Vicente lembra-lhe, rindo-se:

– O que atacavam as estâncias em que nos aquartelávamos ou nos faziam resistência nas ruas, porque a fome os impelia a assaltar os gudões do arroz, recebiam tanto dano que aos poucos foram esmorecendo o ânimo. Tinham sido também abandonados pelos mercadores e gente estrangeira que vieram pedir seguro ao governador, conforme ele mandara apregoar que lhes daria, assim como aos malaios que, dali em diante, quisessem dar obediência aos portugueses.

– Mahamed não se rendeu! Como foi que o deixaram fugir?

– Sua Alteza adiantou-se-nos – ri-se Calvo. – Avisado por algum espia, não quis esperar que fôssemos acometer a povoação do outeiro onde a família real, os nobres e a gente principal de Malaca tinham as suas casas. Perdera a cidade, mas não iria deixar que lhe tomássemos o seu tesouro, o qual mandou carregar nos alifantes durante a noite e, ao nascer do dia, partiu com o príncipe, os capitães que haviam escapado da batalha, os seus mandarins com as respectivas famílias, a caminho do sertão aonde montaria o seu arraial, à espera de melhores tempos. Acreditava que desejávamos somente roubar a cidade e, terminado o saque, partiríamos com a monção. Então, ele retomaria o seu reino.

– Albuquerque mal teve rascunho da sua fuga, foi-lhe logo no encalço, mandando os capitães com a sua gente na dianteira, porém, quando subimos ao outeiro, já o cortejo dos fugitivos ia tão longe que não o podíamos alcançar.
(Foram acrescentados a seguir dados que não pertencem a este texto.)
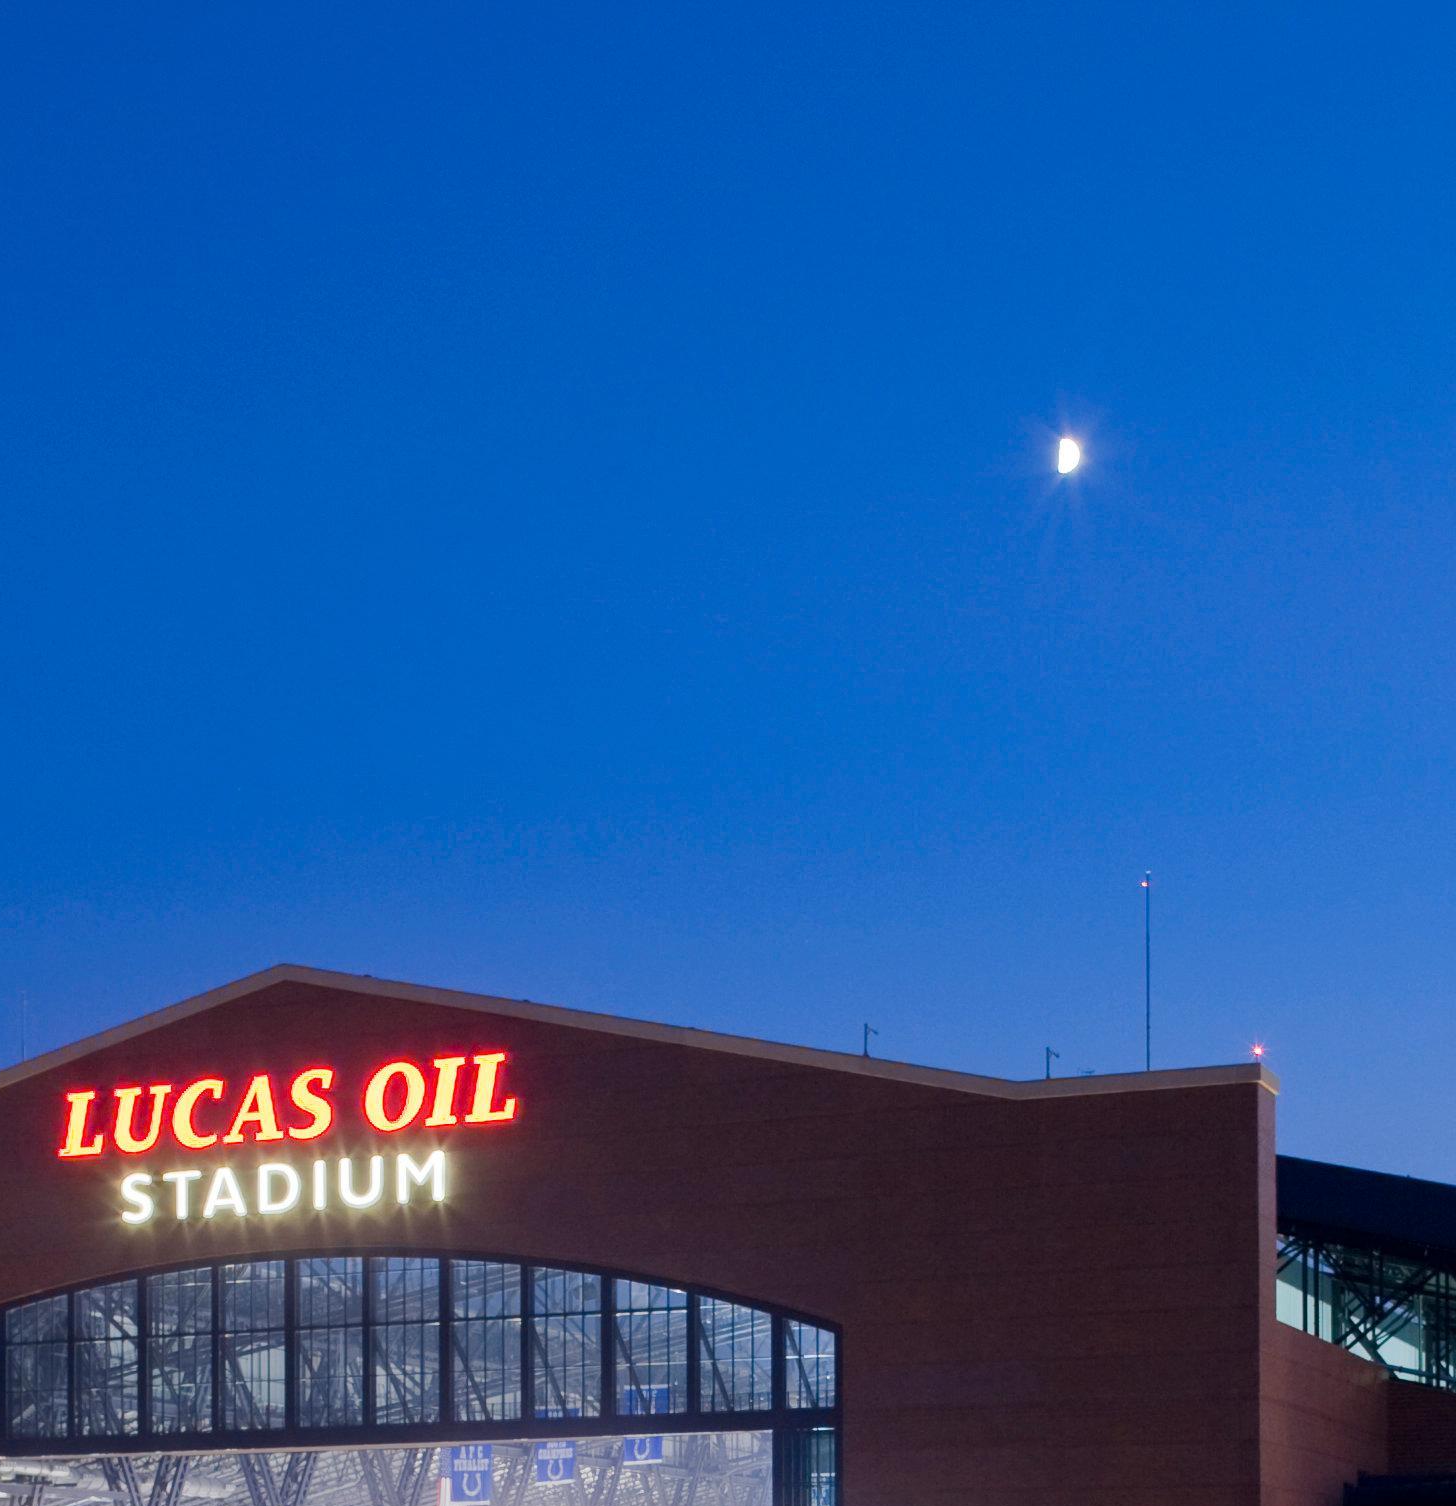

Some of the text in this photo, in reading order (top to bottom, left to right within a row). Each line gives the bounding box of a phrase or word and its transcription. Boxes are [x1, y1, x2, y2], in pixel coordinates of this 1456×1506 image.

[57, 1051, 517, 1158] LUCAS OIL
[119, 1149, 447, 1225] STADIUM
Foi tanta a nossa sanha de os ver fugir que deitámos fogo às casas d’el-rei, do príncipe e dos seus mandarins. Faríamos o mesmo a toda a cidade, se não fosse o defeso do governador e o medo dos castigos com que nos ameaçava, para que se não consumissem as suas riquezas. A fim de nos consolar e premiar pelo que todos tínhamos sofrido com aquela conquista, consentiu a todos que saqueassem a cidade à escala franca, com excepção das casas e fazendas de Nina Chetu e dos demais mercadores gentios de Malaca.

– Fiquemos por aqui, amigo Vicente, pois arrebatámo-nos com as recordações dos nossos feitos e fomos prolixos em demasia, massacrando os nossos pacientes ouvintes com todas as minudências deste sucesso.
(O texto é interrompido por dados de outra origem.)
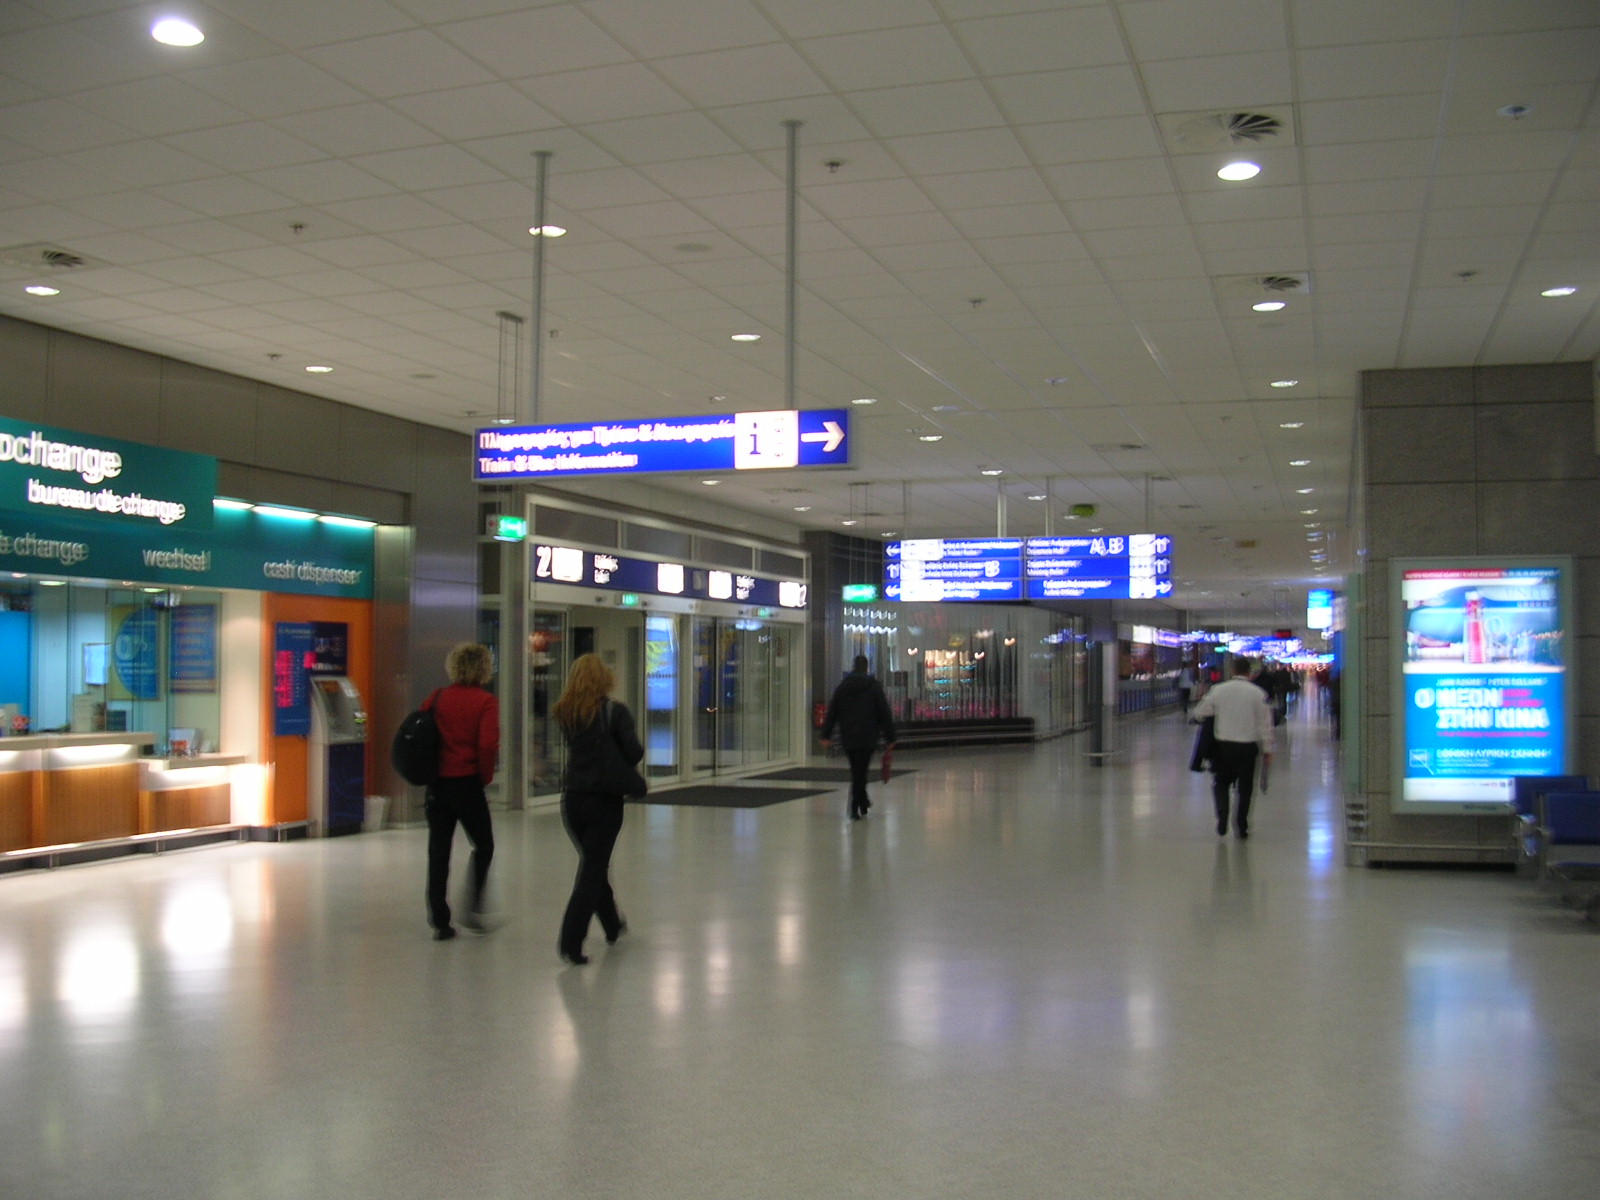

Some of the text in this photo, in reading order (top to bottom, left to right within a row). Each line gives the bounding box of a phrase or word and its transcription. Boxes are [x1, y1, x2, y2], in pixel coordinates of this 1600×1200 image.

[479, 457, 515, 473] Train
[556, 451, 638, 471] Information
[28, 478, 187, 525] bureau de change
[13, 531, 91, 566] change
[142, 547, 212, 572] wechsel
[263, 558, 363, 586] cash dispenser
– Juro que me quedaria toda a noite a ouvir-vos! – protesta Fernão.

– A Fortuna bafejou-vos! Ficastes ricos – troveja o coro dos proscritos.

– Sem dúvida! Todos enriqueceram, contudo aqueles que embarcaram na Frol de la Mar de Afonso de Albuquerque perderam tudo, muitos deles a vida, no naufrágio da nau, junto a Samatra. O governador salvou-se numa jangada, resgatando do mar apenas uma menina, filha de uma escrava sua, que ele teve nos braços até ser recolhido. Mas isso são outras histórias que só conhecemos de ouvir contar.

A Frol de la Mar! Nos confins da China um bando de portugueses cativos ouvia os testemunhos vivos dos heróis que haviam participado nas primeiras conquistas e viagens de descobrir que deram a Portugal um império na Índia. Contavam factos, falavam de nomes que ilustravam partes obscuras nas buscas e inquirições que Fernão fizera em Samatra, por isso ardia de impaciência para esclarecer a dúvida que lhe martelava a cabeça, trazendo-lhe à memória uma outra conversa que tivera com Pêro de Faria, precisamente em Malaca, no ano de trinta e nove.

– Esse António de Abreu e Francisco Serrão – pergunta, já de pé, pronto para sair – são os mesmos que Afonso de Albuquerque enviou com uma armada em busca da Ilha do Ouro.

– Foram eles, sem dúvida, com Simão Afonso Bisagudo! O governador que estava prestes partir de Malaca, enviou-os a Java e às Molucas, para anunciarem a conquista e concertar pazes com os seus reis, contudo murmurava-se que ele os mandara descobrir a Ilha do Ouro.

– E descobriram-na? – pergunta Borralho.

– Se a descobriram, calaram-se muito bem calados. Falou-se muito dessa viagem, logo seguida de outras, a cada ano.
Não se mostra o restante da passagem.